Somatics Changed My Life


Last year was an interesting year for me. I was introduced to the world of somatic experiencing by a very good friend and it has changed everything for me. There is a range of somatic methods and applications and at the core of them is the concept that we are a full being and our mind and body are not separate entities. In order to heal trauma or to grow in new ways we need to work with the physical as well as the mental parts of ourselves, and our bodies have rich knowledge that we often ignore. We need to embody what has happened, learn to self-regulate, and build new patterns using all of who we are, not just our minds. As Strozzi Institute explains on their website,

“Somatics is a theory of change that places the body at the center of our evolutionary intelligence, adaptation, and learning. Somatics sees the body as inseparable from the whole self, and as a vehicle through which to accelerate growth.”

I started to work with a somatic experiencing practitioner (Lu Hawkins) for therapy early in the year and then later took some courses with Strozzi Institute for embodied learning/leadership over the summer and fall. My work with Lu has been focused inward and has brought me to a whole new level of acceptance of myself, with a lot of self-love and trust. As I made progress with her, I started to look for other applications of this work. That’s when I found Strozzi, where they blend a number of lineages (including somatics, psychology, and aikido) and focus on not just the personal, but also groups, organizations, and society. I felt like the picture just kept getting bigger and bigger for me.

Early in the year I was also learning a lot about exercise and health, in what I thought of as a totally separate interest about working out and dealing with pain. I certainly didn’t consider it related to my therapy work. I took a course called Empowered Performance by Katie St. Clair. I learned a lot that was different from your typical personal trainer education. It dove into looking at why our body is moving and compensating in certain ways and how to account for that in training. I had signed up simply because it sounded different and interesting, but I had no idea what is was really about.

Over the year as I learned more about somatics and explored movement and things like pain and sleep, I’ve been slowly knitting together my own mishmash of somatic understanding and a new personal philosophy about how I am in, and move through, the world. The common thread that kept speaking to me in all of my explorations is that we are a whole, holistic being and we move through life as best we can, using everything within us.
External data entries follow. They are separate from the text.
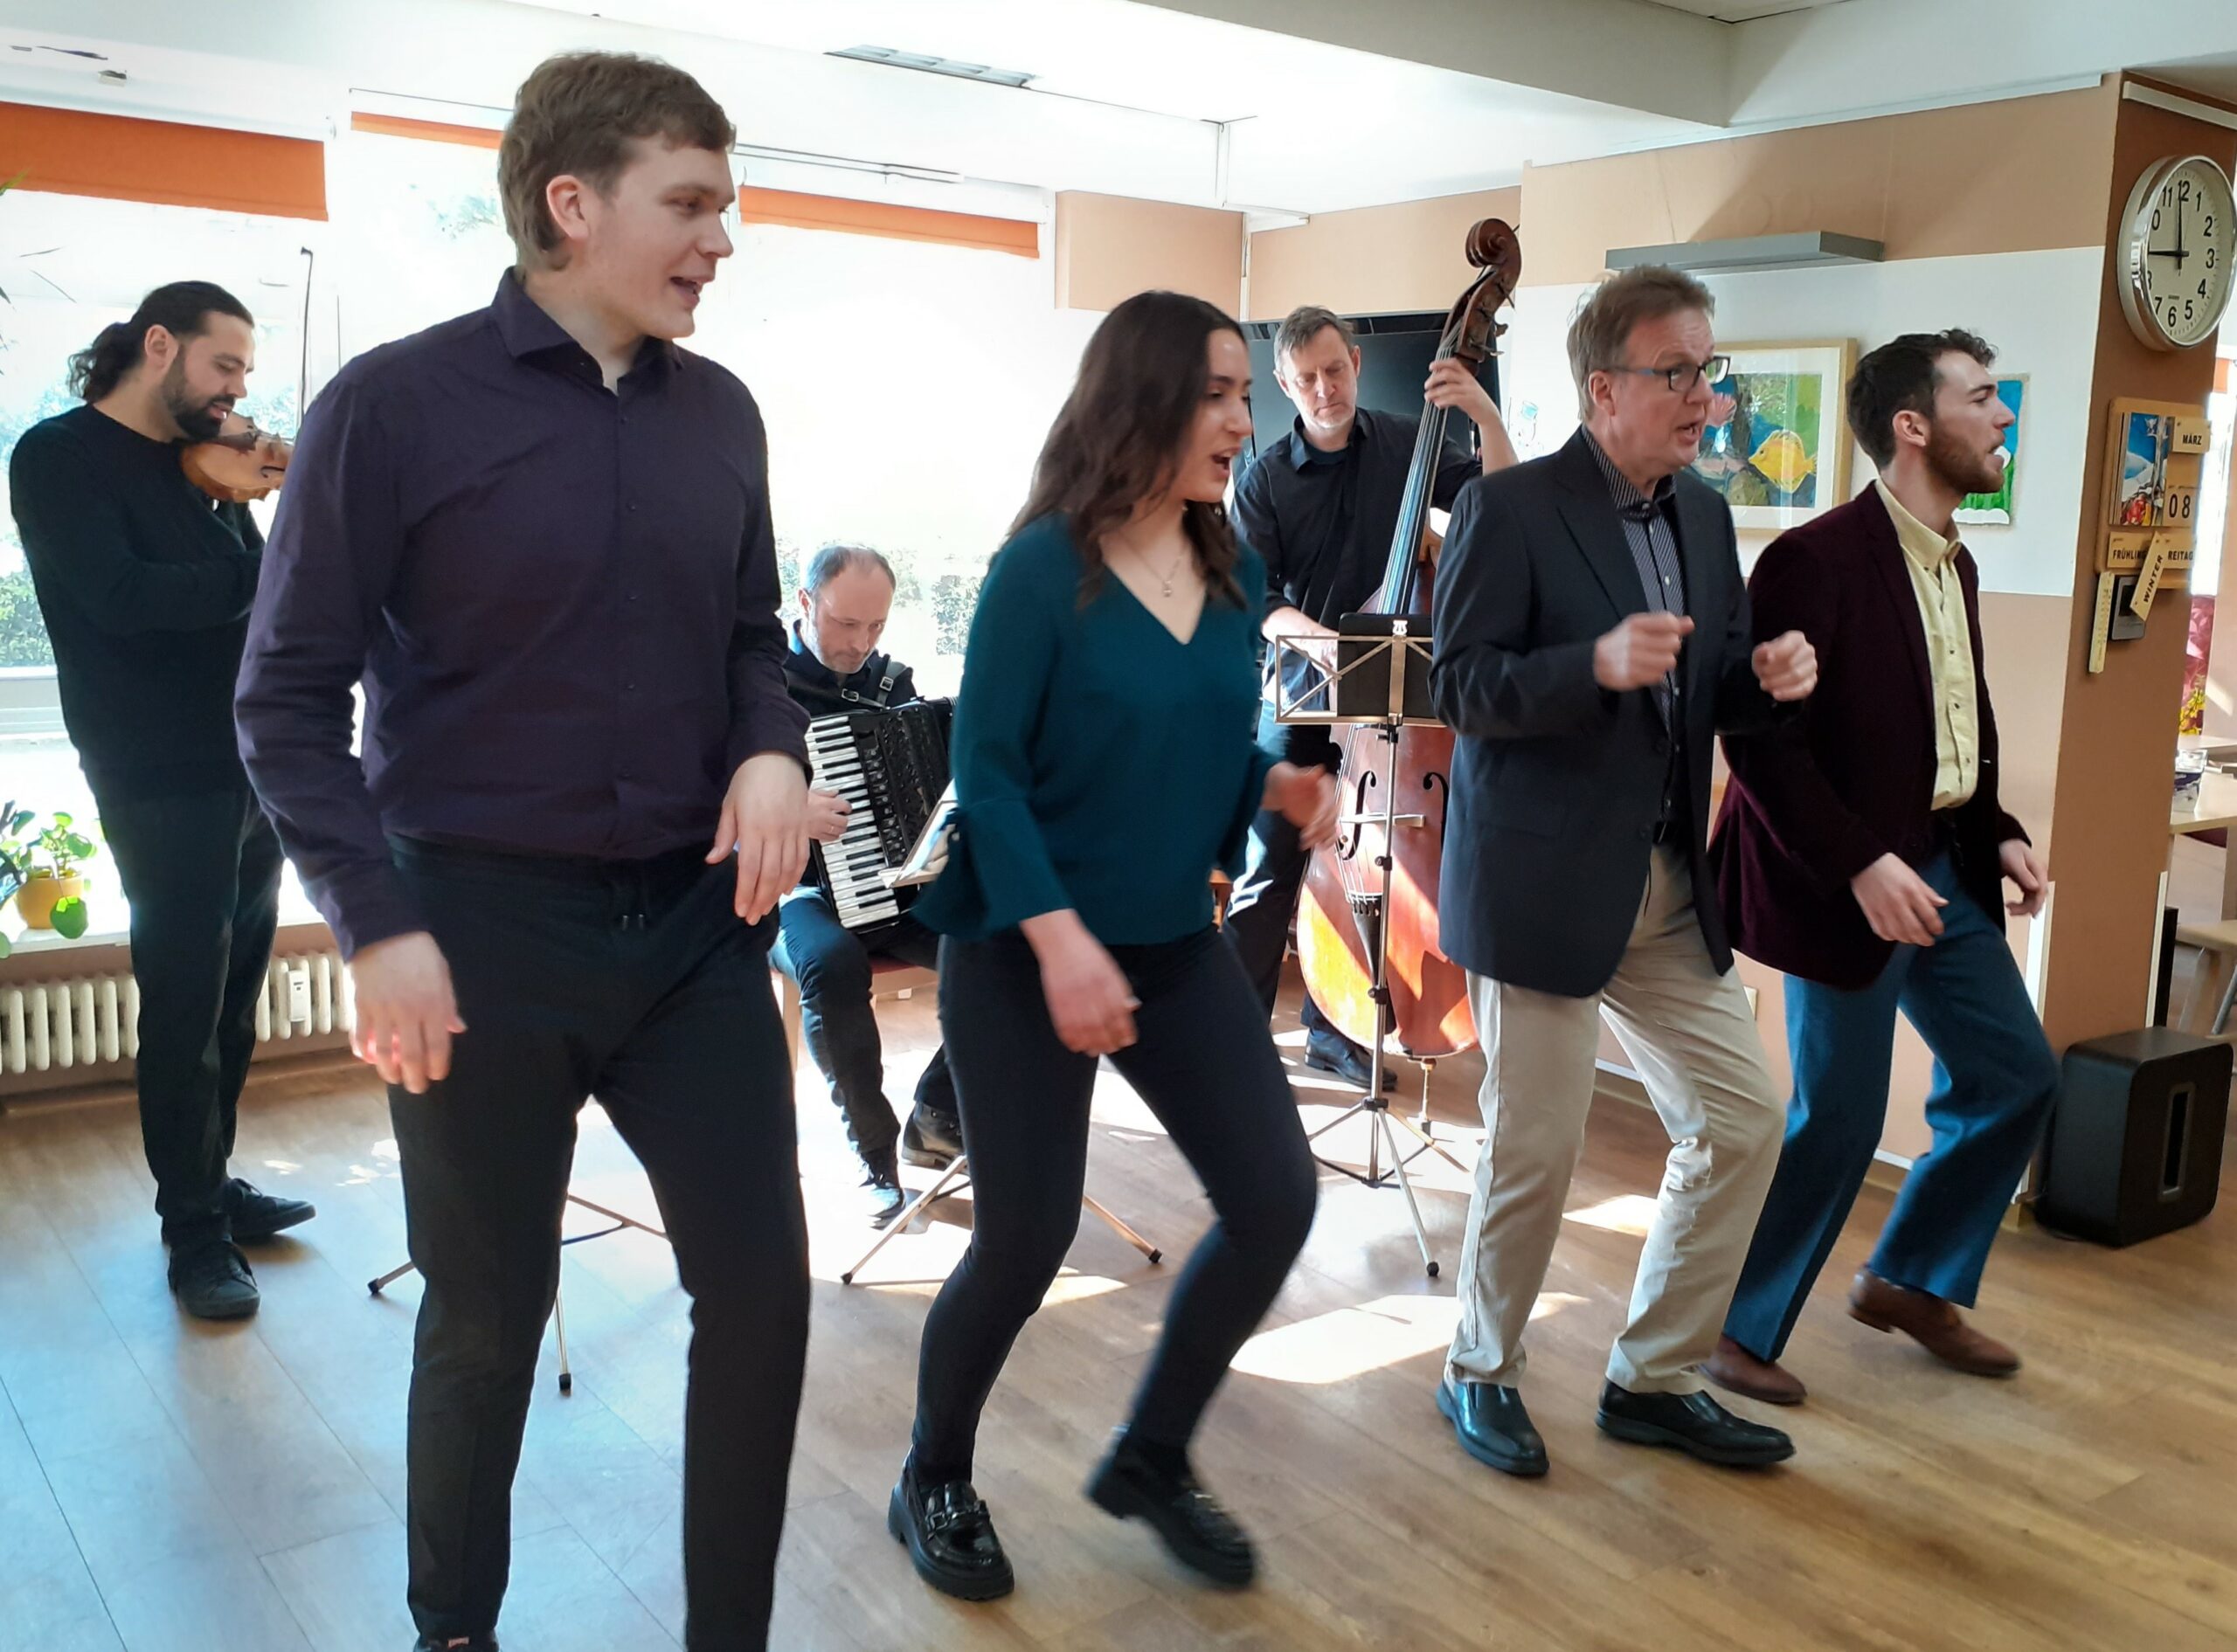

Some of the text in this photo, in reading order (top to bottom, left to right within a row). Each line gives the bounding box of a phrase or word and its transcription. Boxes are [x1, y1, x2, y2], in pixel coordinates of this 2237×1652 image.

[2163, 185, 2172, 207] 11
[2178, 180, 2190, 202] 12
[2197, 191, 2201, 211] 1
[2151, 209, 2160, 231] 0
[2203, 216, 2213, 237] 2
[2206, 248, 2214, 269] 3
[2198, 279, 2206, 299] 4
[2155, 296, 2163, 315] 7
[2185, 300, 2193, 320] 5
[2168, 306, 2177, 328] 6
[2182, 433, 2202, 446] MÄRZ
[2169, 494, 2191, 518] 08
[2113, 548, 2145, 560] FRÜHLIN
[2167, 550, 2194, 560] REITAG
[2144, 555, 2164, 603] WINTER
In that process we have to mold ourselves for survival. We are incredible organisms that are incredibly malleable. We adapt, we compensate. And along the way we can find ourselves in a shape or a pattern that doesn’t actually let us thrive anymore. Those adaptations and compensations were necessary at some point, but they no longer serve us. Most people will try to “remove” these “problems” by, frankly, not being very nice to themselves. Somatics would have us understand our whole shape—physical, mental, emotional—and recognize the value of how we have survived and perhaps even thrived in the past. Then we can build a new shape/pattern/movement that serves us better for where we are now and where we want to be, and move forward into that new space. I initially learned about this in therapy for dealing with emotional trauma, but I can see that this applies to everything in life. Aside from personal or social traumas that may be clear to us, it can also apply to how you move your body when running, or the way you draw a picture or write a novel, or show up for work.
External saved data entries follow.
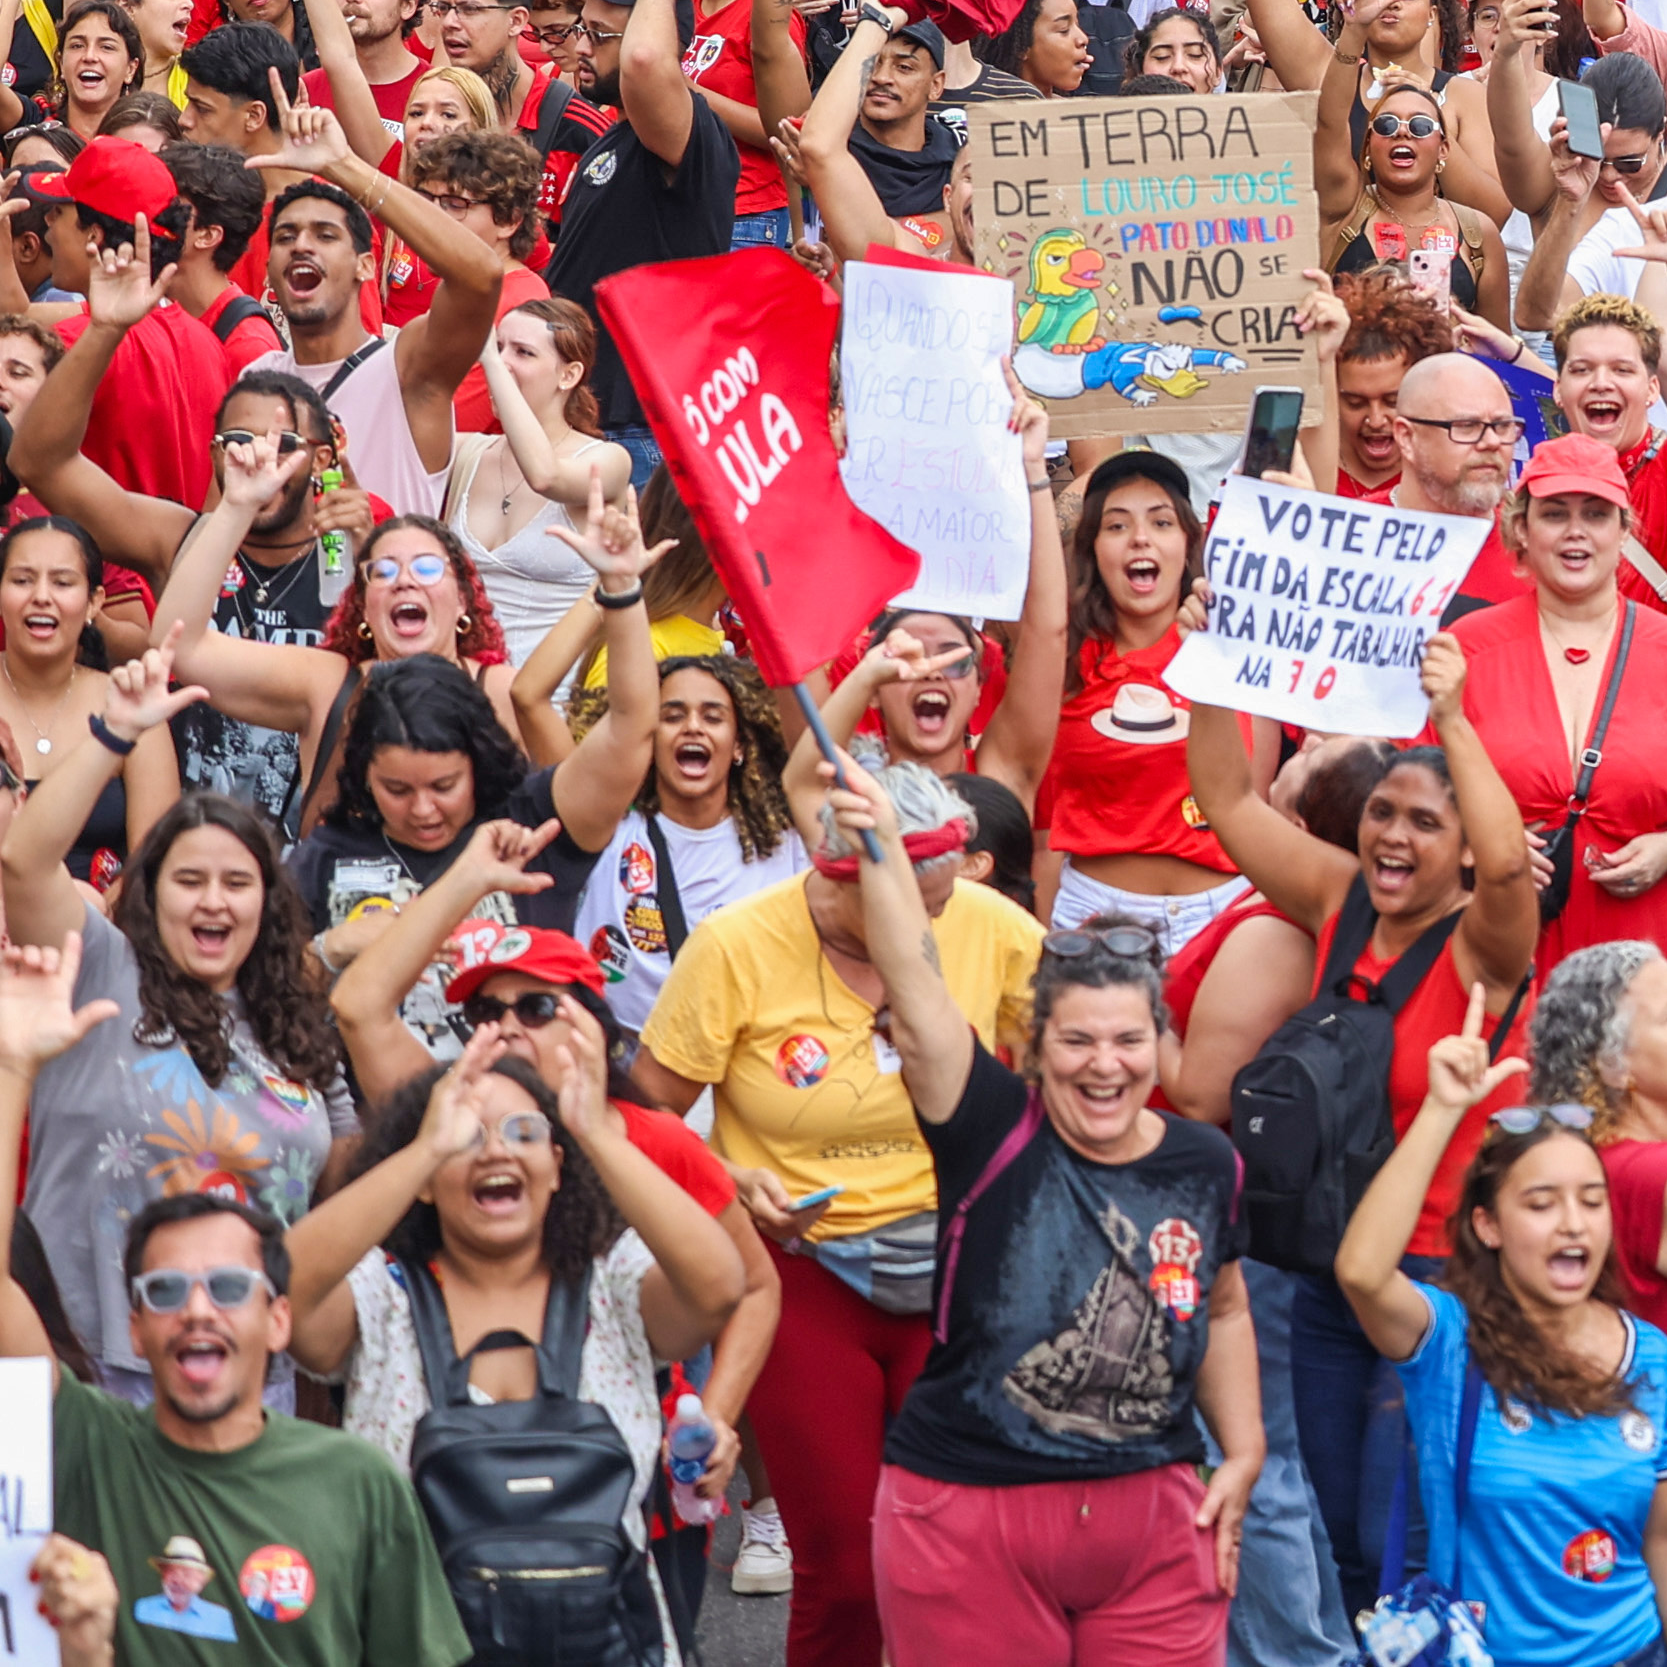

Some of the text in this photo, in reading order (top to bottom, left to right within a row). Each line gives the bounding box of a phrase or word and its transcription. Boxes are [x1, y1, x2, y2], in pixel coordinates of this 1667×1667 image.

[990, 106, 1260, 170] EM TERRA
[992, 160, 1300, 219] DE LOURO JOSÉ
[1120, 221, 1190, 253] PATO
[1130, 247, 1289, 307] NÃO SE
[1210, 305, 1305, 347] CRIA
[699, 344, 761, 427] COM
[715, 391, 804, 525] ULA
[911, 504, 1012, 544] MAIOR
[1257, 494, 1448, 564] VOTE PELO
[1207, 536, 1413, 618] FIM DA ESCALA
[1264, 605, 1325, 655] NÃO
[1234, 653, 1273, 690] NA
So I guess at this point my general philosophy is being present with my full self, listening to and trusting all of me, and then gently, graciously building new patterns that serve me on the road I wish to walk. It may sound trite or woo-woo or simplistic to some, but really diving into the meaning of this, and working at it, instead of just thinking about it academically has profoundly changed me.

If you want to learn more about somatics, here are some books to read about trauma and the body. (Note that trauma means a lot of different things to a lot of people. Most of us have experienced something traumatic in our lives that still effects us. Whether others would find it traumatic or not is irrelevant. And further, I would say that the last two years have inflicted all kinds of personal and communal trauma on everyone.)

A good book for looking at somatics from a larger, social perspective is “The Politics of Trauma: Somatics, Healing, and Social Justice“. And to explore somatic work with racism “My Grandmother’s Hands: Racialized Trauma and the Pathway to Mending Our Hearts and Bodies” is a good place to start.